At least 11 staff went to Meta. At least seven joined Mira Murati's Thinking Machine Labs.
The exits hit leaders on coding, world models, and Grok voice. Pre-training is the team that builds the actual models from scratch.
It has shrunk to a handful of people.
Some left because of culture and burnout. Some left to cash out, since SpaceX runs tender offers that let staff sell vested shares before any public listing.
Why The $420 Story Matters
On its own, a missed pay-out is small. In context, it lands different.
xAI is trying to sell Wall Street on Grok. It is also trying to keep its own staff for the IPO.
Asking workers to share private tax data and then not paying them lands wrong on both fronts.

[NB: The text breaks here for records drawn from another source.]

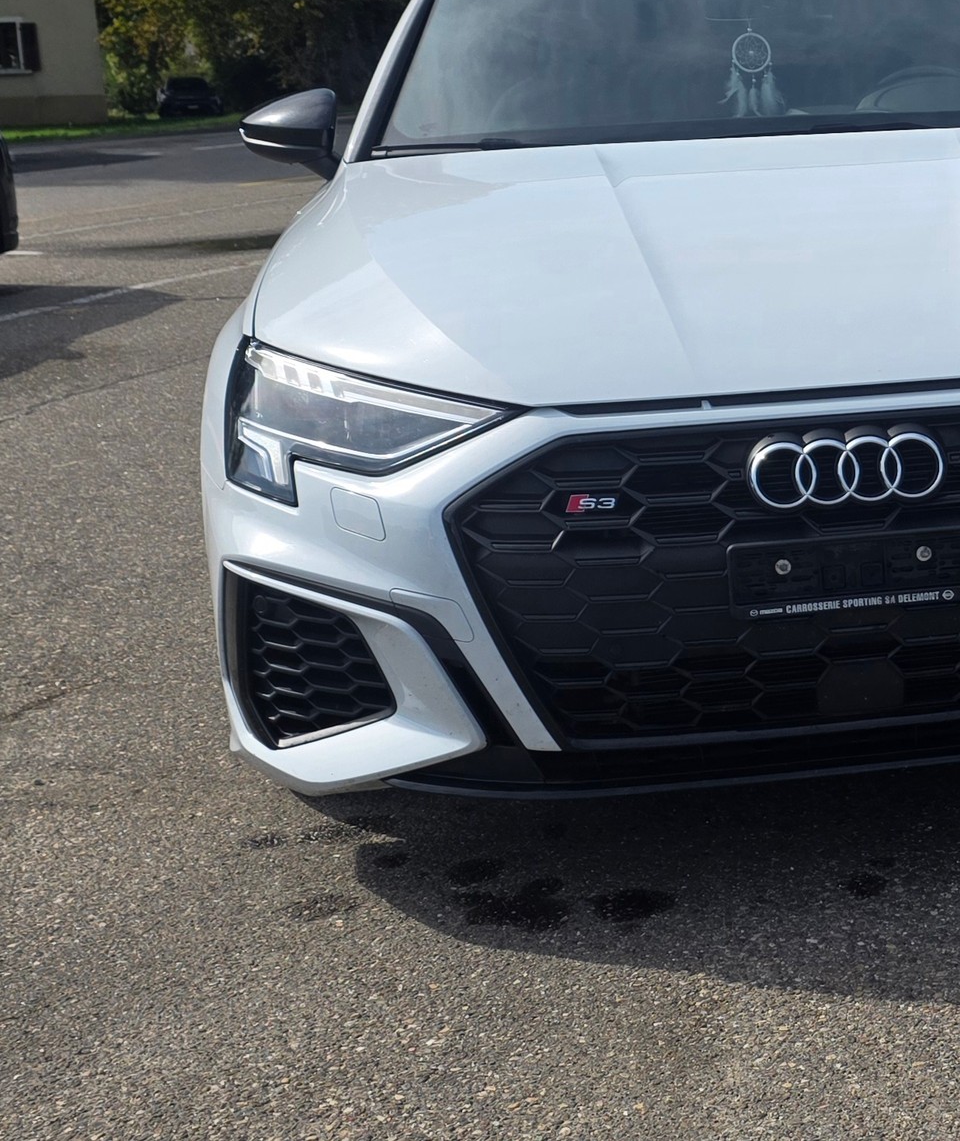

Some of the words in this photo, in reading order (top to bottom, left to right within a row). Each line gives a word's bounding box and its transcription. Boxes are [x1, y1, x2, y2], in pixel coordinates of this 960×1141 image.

[578, 497, 616, 510] S3
[785, 600, 841, 614] CARROSSERIE
[842, 596, 882, 609] SPORTING
[884, 594, 896, 604] SA
[898, 591, 940, 603] DELEMONT

There is a privacy issue too. Tax returns hold Social Security numbers, home addresses, and income detail.
All of that is now training data for a chatbot.
The number itself is also a tell. $420 is small money for a Wall Street IPO candidate.
It is also a number Musk has used for years as a joke. xAI did not reply to public questions about when staff will be paid.
What To Watch
Watch xAI's data and labor practices, not just its model scores.
A firm burning about $1 billion a month and losing senior staff does not need a story about unpaid workers.
For investors waiting on the SpaceX-xAI public listing, that mix is what matters.
The story also sets a tone. If xAI cannot pay its own staff for tax help, no Wall Street firm should hand it sensitive client data either.